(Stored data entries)
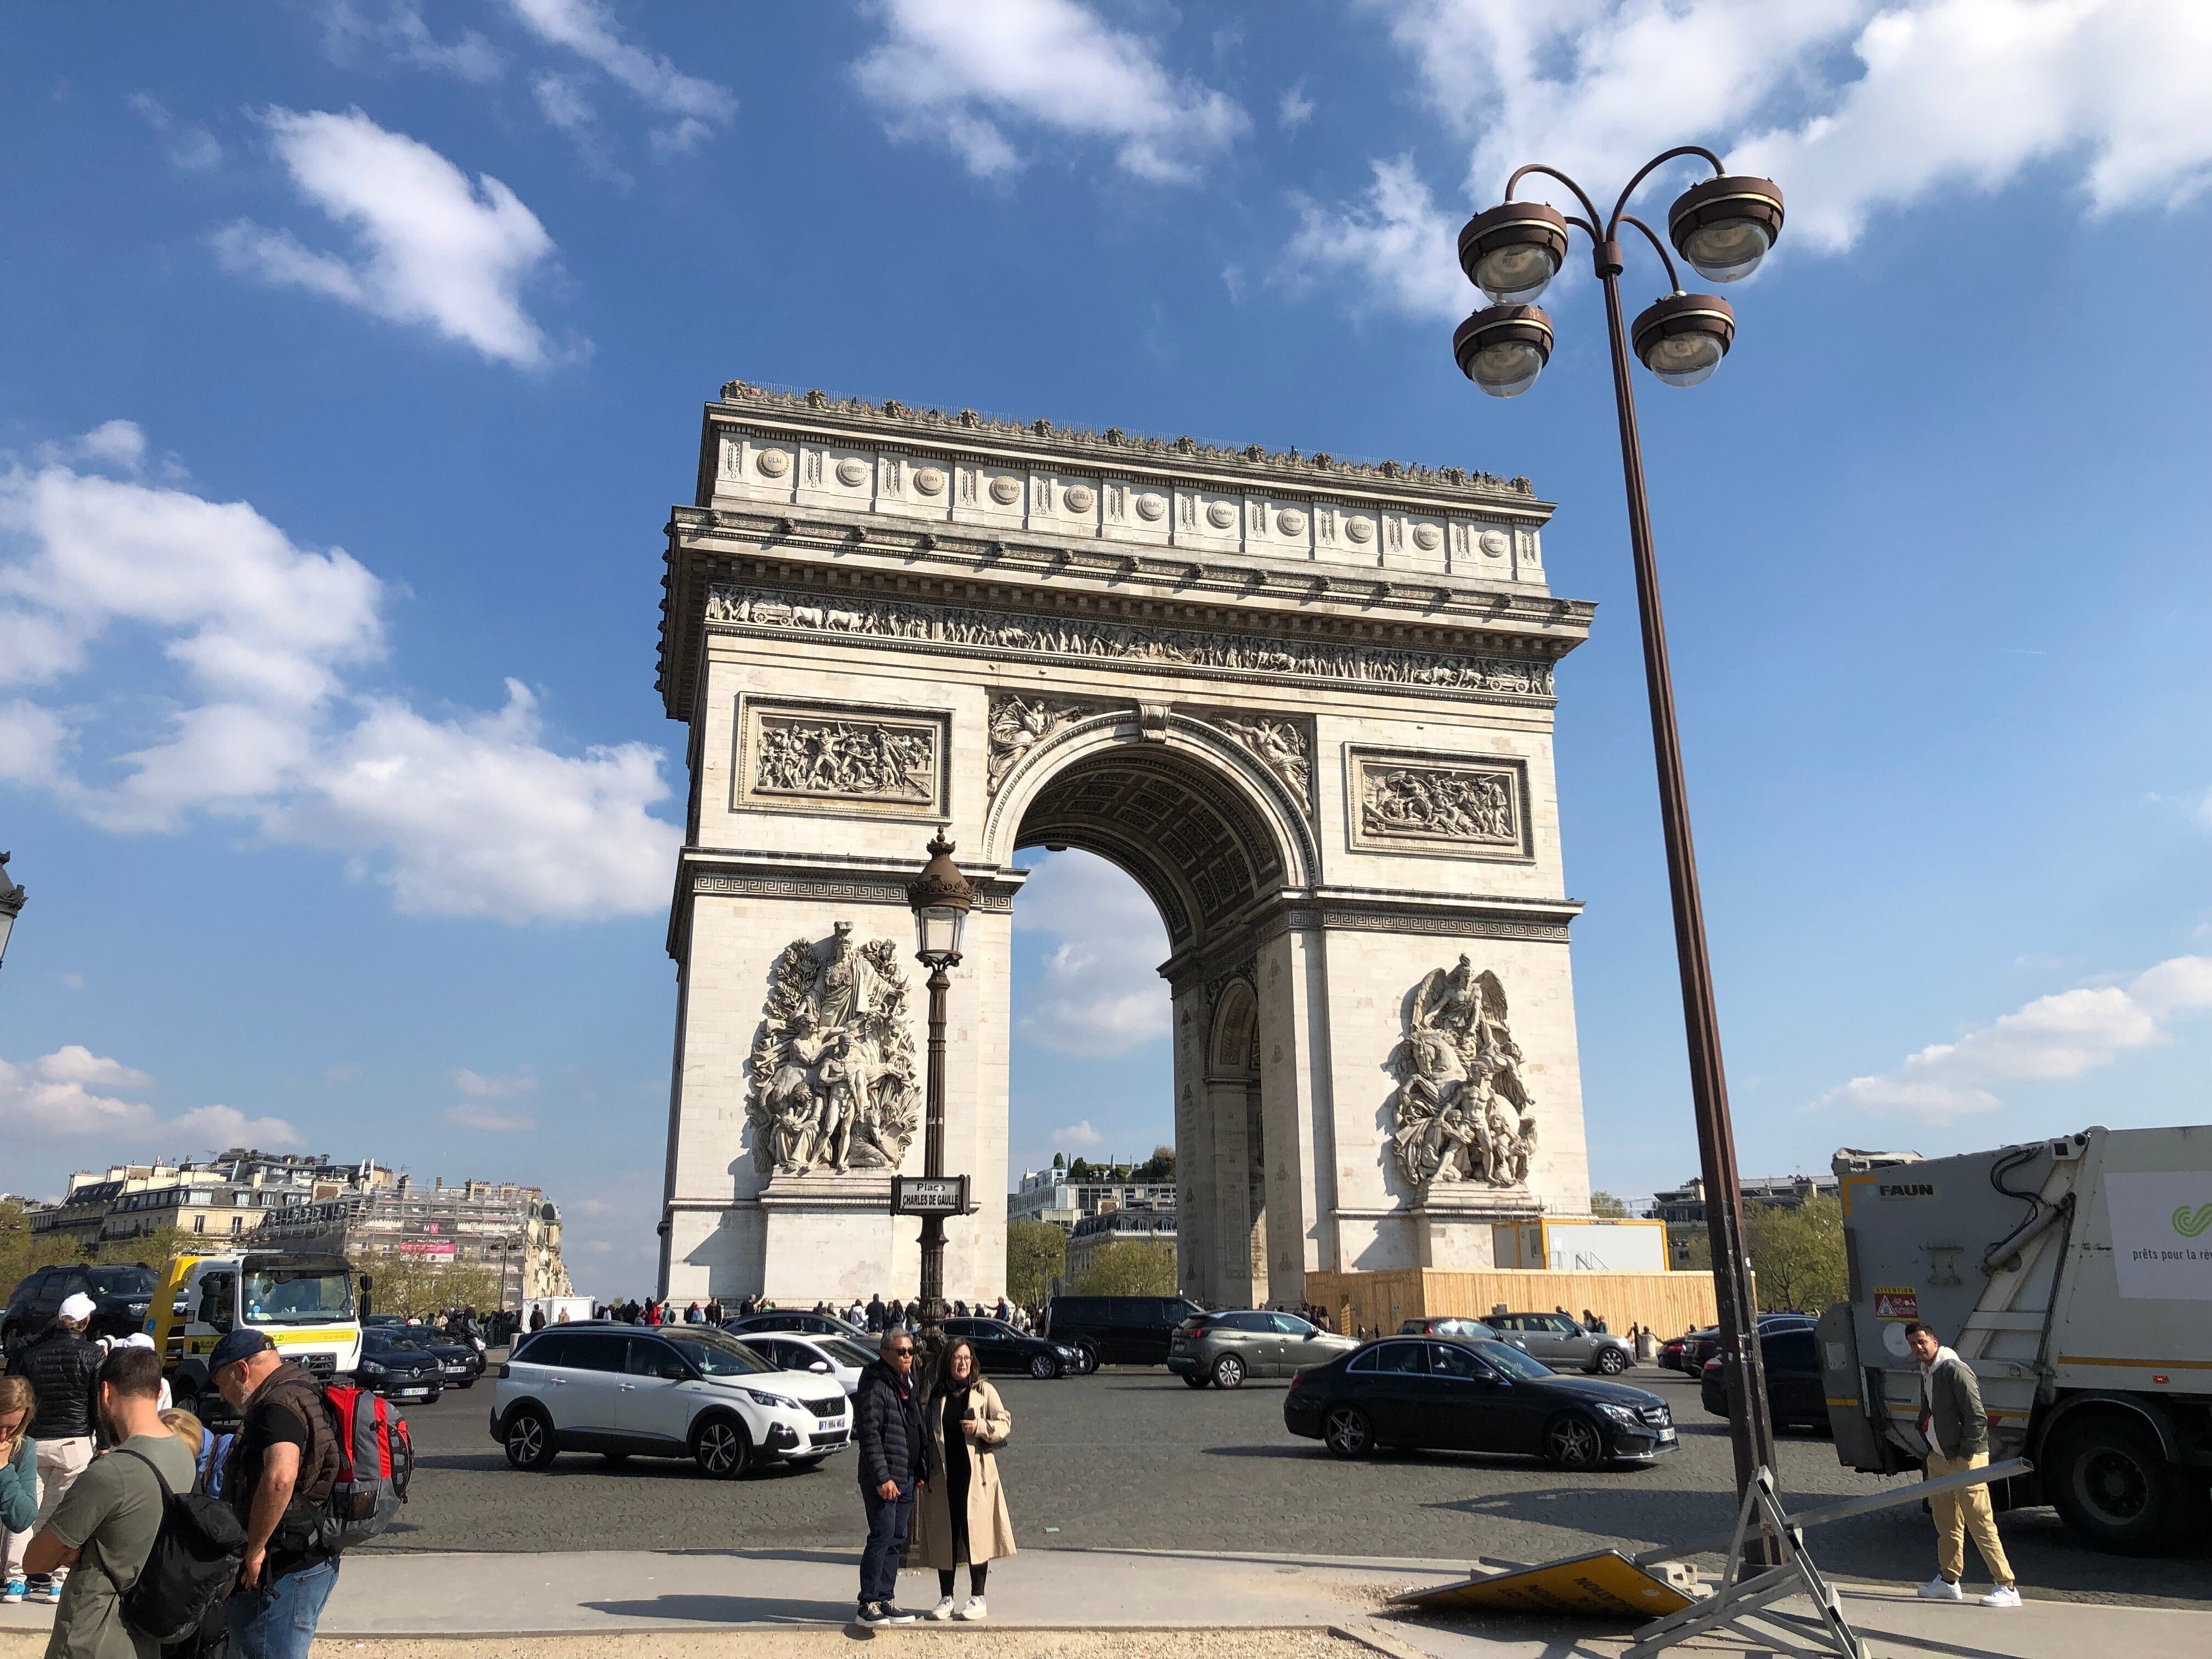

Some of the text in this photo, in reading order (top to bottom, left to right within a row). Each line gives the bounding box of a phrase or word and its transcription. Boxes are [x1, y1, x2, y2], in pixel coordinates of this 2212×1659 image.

[1880, 1184, 1934, 1196] FAUN
[903, 1194, 958, 1205] CHARLES DE GAULLE
[2132, 1248, 2158, 1261] prêts
[2161, 1250, 2183, 1262] pour
[2186, 1249, 2197, 1260] la
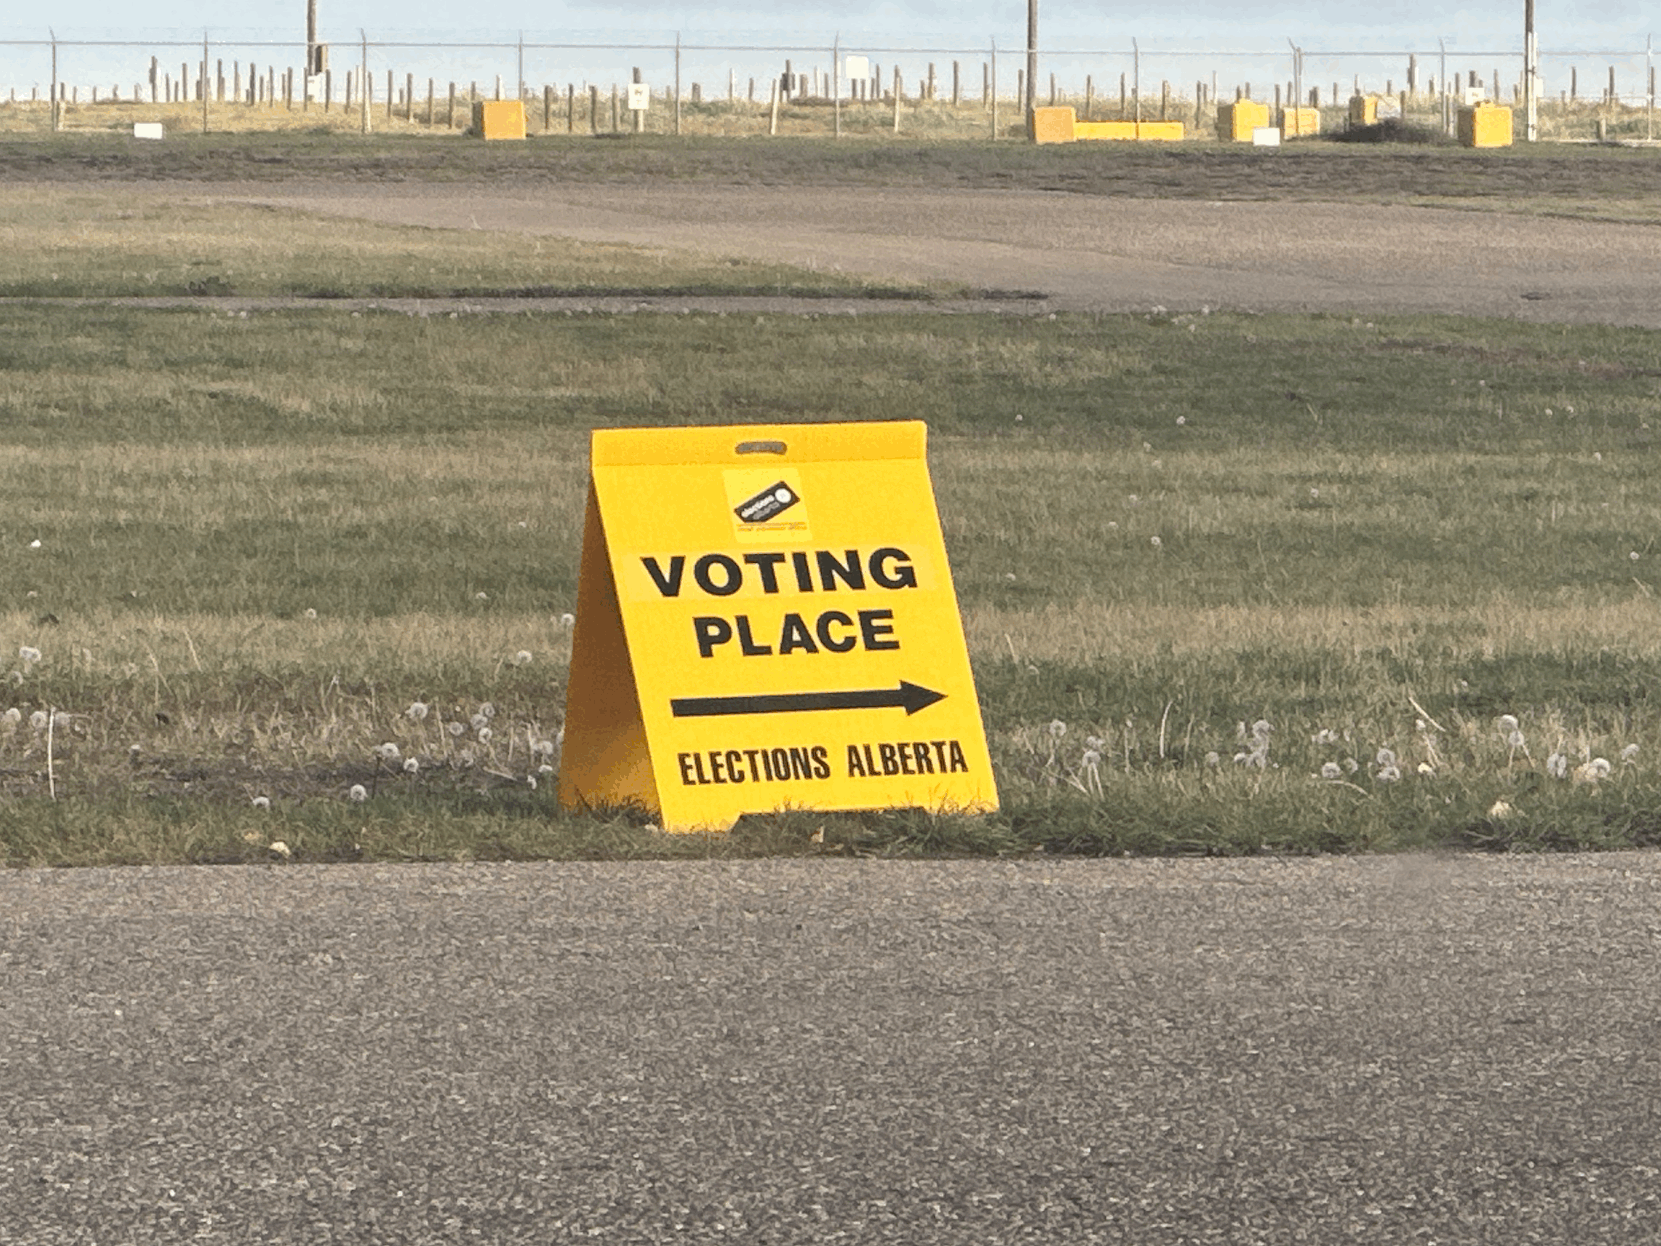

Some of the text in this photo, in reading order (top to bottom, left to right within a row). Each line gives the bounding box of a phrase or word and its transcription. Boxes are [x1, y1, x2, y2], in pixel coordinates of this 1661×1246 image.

[641, 547, 918, 598] VOTING
[693, 609, 900, 658] PLACE
[678, 740, 969, 786] ELECTIONS ALBERTA
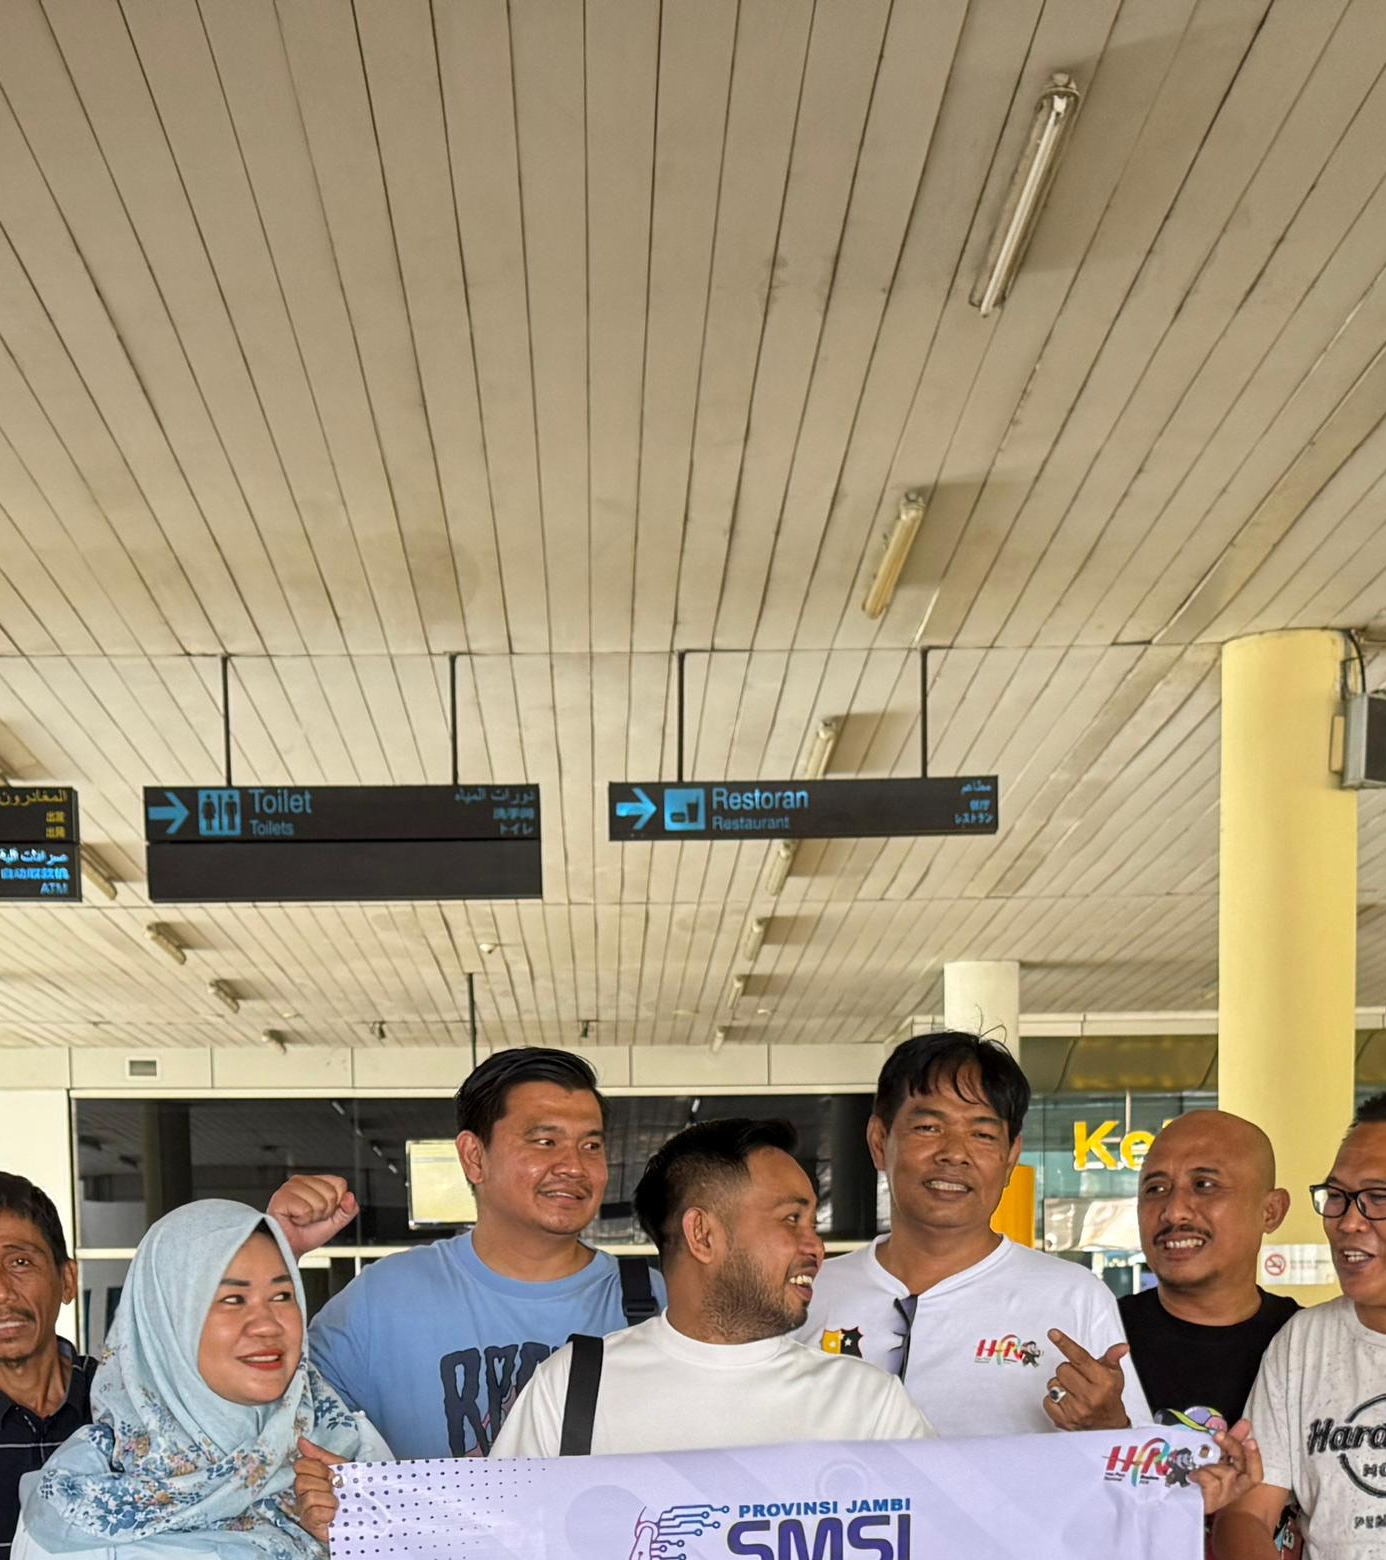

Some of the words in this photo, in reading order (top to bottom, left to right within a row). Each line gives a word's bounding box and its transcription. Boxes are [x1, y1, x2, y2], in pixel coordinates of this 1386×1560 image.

[248, 788, 312, 814] Toilet
[712, 787, 809, 810] Restoran
[249, 819, 294, 836] Toilets
[712, 815, 790, 831] Restaurant
[739, 1501, 838, 1518] PROVINSI
[846, 1498, 911, 1513] JAMBI
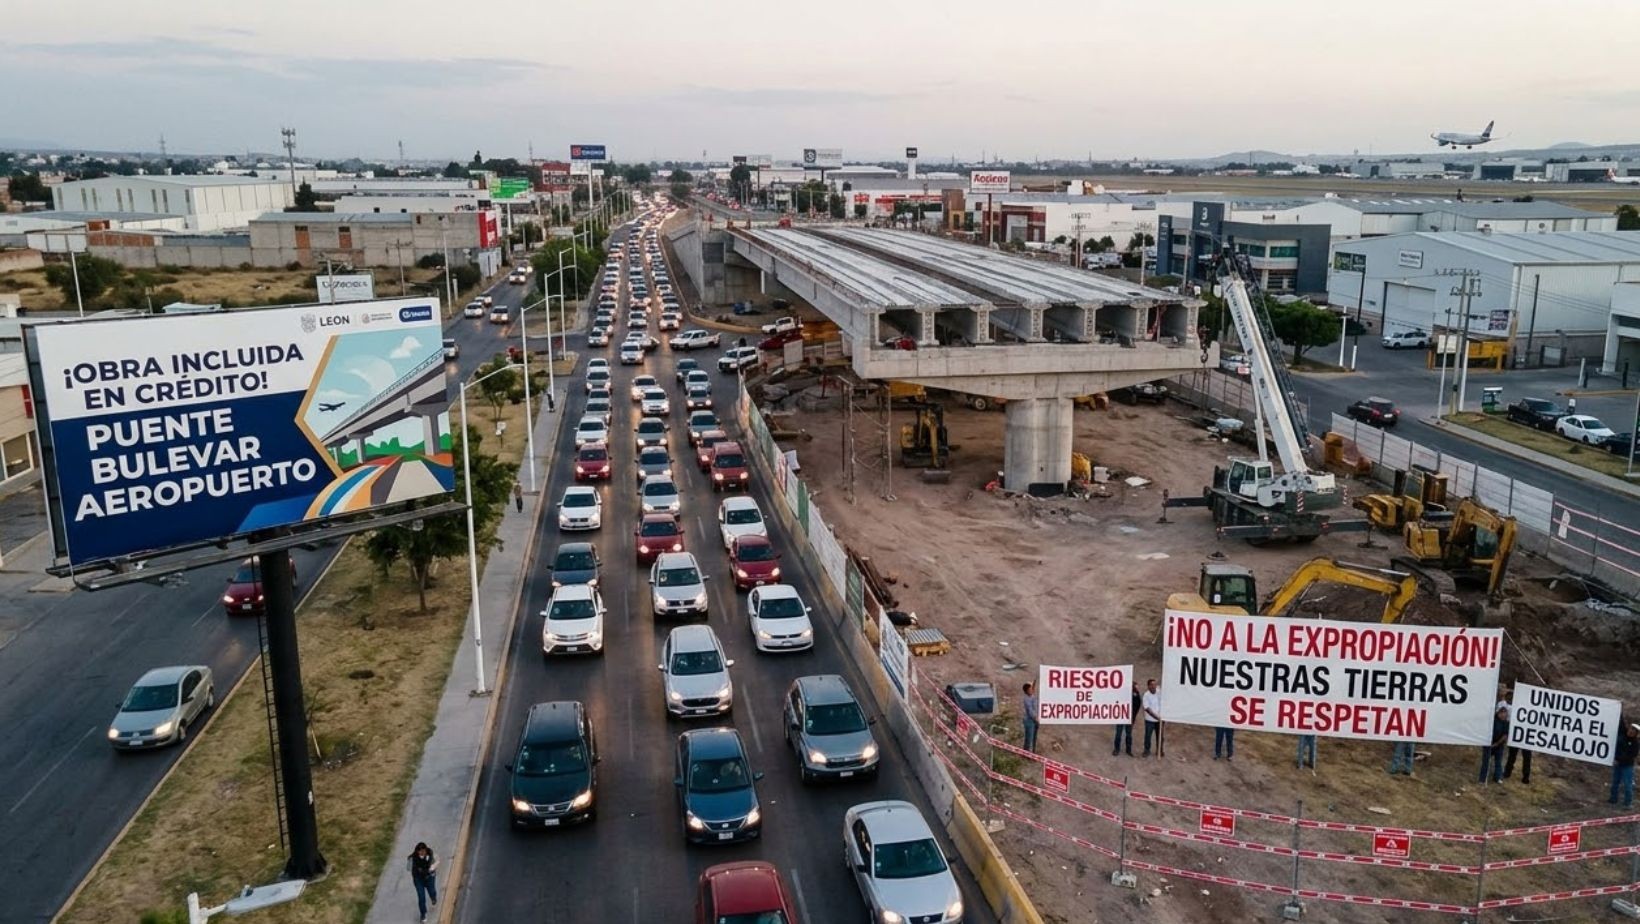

TASK TO COMPLETE: Transcribe each record exactly as it appears, but omit every picture.

OUTPUT FOR THIS TASK:
Some of the text in this photo, in reading order (top to bottom, left to right within a row). Each line gives the bounding box of a phrase or word and its transcription. Boxes are [x1, y1, x2, y2], in pixel coordinates of this 2212×1659 image.

[1880, 1184, 1934, 1196] FAUN
[903, 1194, 958, 1205] CHARLES DE GAULLE
[2132, 1248, 2158, 1261] prêts
[2161, 1250, 2183, 1262] pour
[2186, 1249, 2197, 1260] la

Some of the text in this photo, in reading order (top to bottom, left to right within a row). Each line gives the bounding box of a phrase or word and its transcription. Boxes are [x1, y1, x2, y2], in pixel coordinates of this 1661×1246 image.

[641, 547, 918, 598] VOTING
[693, 609, 900, 658] PLACE
[678, 740, 969, 786] ELECTIONS ALBERTA

Some of the words in this photo, in reading order (top to bottom, left to right within a row). Each line gives a word's bounding box and its transcription. Boxes are [x1, y1, x2, y2], in pixel coordinates of this 1386×1560 image.

[248, 788, 312, 814] Toilet
[712, 787, 809, 810] Restoran
[249, 819, 294, 836] Toilets
[712, 815, 790, 831] Restaurant
[739, 1501, 838, 1518] PROVINSI
[846, 1498, 911, 1513] JAMBI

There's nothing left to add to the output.